5 reflexões sobre foco, segmentação e diversificação no varejo

Foco no varejo

O dilema é clássico. Quando é tempo de focar ou segmentar e diversificar? Quando uma empresa está madura para avançar do foco em sua operação tradicional e avançar estrategicamente para segmentar ou diversificar?

No mercado brasileiro, a Renner, criada em 1981, evoluiu e consolidou seu modelo de loja de departamentos focada em moda, com majoritária participação de marcas próprias antes de considerar outros formatos, canais e marcas, mas hoje opera Camicado, Youcom e Ashua no Brasil e, mais recentemente, passou a operar também no Uruguai e Argentina, em sua primeira incursão internacional.

O espanhol Grupo Inditex, controlador da Zara, evoluiu rapidamente em sua proposta de diversificação de formatos, canais e marcas e opera também Massimo Dutti, Stradivarius, Zara Home, Pull and Bear, Oysho, Bershka, entre outras em mais de 7 mil lojas em 96 países, numa proposta de segmentar conceitos, marcas e formatos, totalmente baseado num modelo de negócio próprio com 100% das vendas em marcas próprias.

Também da Espanha, fundada em 1940, o El Corte Inglés, concentrou em seu formato original de lojas tradicionais de departamentos e expandiu conceitos dentro da Espanha incluindo formatos, marcas, canais, como supermercados, conveniência, artigos para o lar, moda e negócios, envolvendo também serviços como telefonia, informática e agência de viagens, tornando-se líder inconteste em seu país antes de expandir para fora, em Portugal.

Mesmo caminho das chilenas Falabella e Cencosud, que ampliaram e diversificaram seus formatos, marcas e negócios de varejo e serviços financeiros, incluindo marcas próprias liderando sua atuação naquele país, antes de expandirem na América do Sul.

Em Portugal, o Sonae tornou-se líder com os super e hipermercados Continente e evoluiu para incorporar formatos, marcas, canais e negócios diversos como foodservice, pet, farmácias, serviços médicos e odontológicos, atividades financeiras, papelaria, eletroeletrônicos, artigos esportivos e serviços automotivos. Além de ampla atuação com marcas próprias.

No Brasil, o grupo Guararapes,controlador da Riachuelo, desenvolveu seu modelo quase único no mundo de integração vertical do fio ao carnê, como gosta de enfatizar, das lojas focadas em moda, com dominância de marcas, cartão e produção próprios antes de considerar qualquer diversificação ou segmentação.

E, aparentemente, agora irá operar um novo negócio com lojas exclusivas da Carter’s, quando também seu banco, evolução da operação financeira Midway está prestes a ser aprovado pelas autoridades.

A Tesco, na Inglaterra diversificou formatos e negócios, incluindo super, hipermercados e conveniência e mais serviços de telefonia, viagens e financeiros, sempre com variantes de sua marca Tesco, também apoiada em forte presença de sua marca própria que em algumas categorias chega a ter até cinco variantes de produtos, embalagens e marcas.
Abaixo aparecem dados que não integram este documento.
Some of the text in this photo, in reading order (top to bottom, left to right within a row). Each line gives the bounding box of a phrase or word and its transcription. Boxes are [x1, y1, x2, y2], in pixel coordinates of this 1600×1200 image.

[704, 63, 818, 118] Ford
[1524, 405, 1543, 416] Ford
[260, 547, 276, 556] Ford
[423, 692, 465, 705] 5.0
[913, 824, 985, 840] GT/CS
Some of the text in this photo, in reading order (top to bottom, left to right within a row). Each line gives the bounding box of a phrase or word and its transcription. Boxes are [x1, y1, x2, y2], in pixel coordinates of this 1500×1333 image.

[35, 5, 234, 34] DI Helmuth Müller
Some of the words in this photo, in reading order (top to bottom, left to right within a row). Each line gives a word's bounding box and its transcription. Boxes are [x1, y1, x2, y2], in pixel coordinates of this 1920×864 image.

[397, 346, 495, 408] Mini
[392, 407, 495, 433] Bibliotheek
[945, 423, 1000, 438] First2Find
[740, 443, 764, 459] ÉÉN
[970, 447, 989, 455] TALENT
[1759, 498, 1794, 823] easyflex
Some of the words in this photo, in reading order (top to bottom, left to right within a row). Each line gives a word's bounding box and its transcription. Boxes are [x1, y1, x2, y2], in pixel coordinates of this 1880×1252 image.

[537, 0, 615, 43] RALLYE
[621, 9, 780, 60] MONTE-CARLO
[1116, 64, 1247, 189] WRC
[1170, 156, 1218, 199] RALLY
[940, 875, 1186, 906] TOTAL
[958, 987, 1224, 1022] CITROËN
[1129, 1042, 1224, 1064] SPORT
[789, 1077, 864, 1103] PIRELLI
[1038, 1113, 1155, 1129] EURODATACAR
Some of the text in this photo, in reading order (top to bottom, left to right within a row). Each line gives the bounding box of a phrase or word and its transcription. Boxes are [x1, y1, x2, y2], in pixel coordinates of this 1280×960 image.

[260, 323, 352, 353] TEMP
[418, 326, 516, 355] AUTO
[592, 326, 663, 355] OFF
Na Coreia, o grupo Shinsegae, um dos principais operadores do varejo local, a partir de suas operações de alimentos, evoluiu para diferentes formatos, canais, conceitos e marcas numa estratégia muito peculiar de buscar formatos que deram certo, especialmente nos Estados Unidos, e reproduzi-los adaptados no país.

Assim Costco, Container Store e muitos outros conceitos, em varejo e foodservice, têm seus equivalentes locais. E só recentemente decidiram avançar para outros mercados, através de aquisições de três redes de supermercados nos Estados Unidos.

Walmart, ainda maior varejista do mundo, concentrou-se durante muito tempo num só formato de loja, o de loja de departamentos com alimentos de descontos, cresceu, expandiu e se consolidou, inclusive com forte de diversificar formatos, canais e áreas de atuação. O grupo tem hoje valor de mercado próximo a US$ 335 bilhões.

Quando perdeu eficiência, preferiu recuar e se concentrar, vendendo ou fechando no Chile, no Brasil e outras operações, concentrando seus negócios nos formatos mais tradicionais e no forte investimento no digital, para enfrentar o desafio, principalmente vindo da Amazon.

Esta, por sua vez, iniciou seu negócio como plataforma de venda digital e expandiu rapidamente, dentro da lógica da nova economia tendo prejuízos por muitos anos, incorporando serviços, cloud e pessoais, marcas próprias, incorporou outros negócios (Zappos, Whole Foods e outros), expandiu globalmente e em 26 anos, alcançou valor de mercado atual próximo a US$ 940 bilhões.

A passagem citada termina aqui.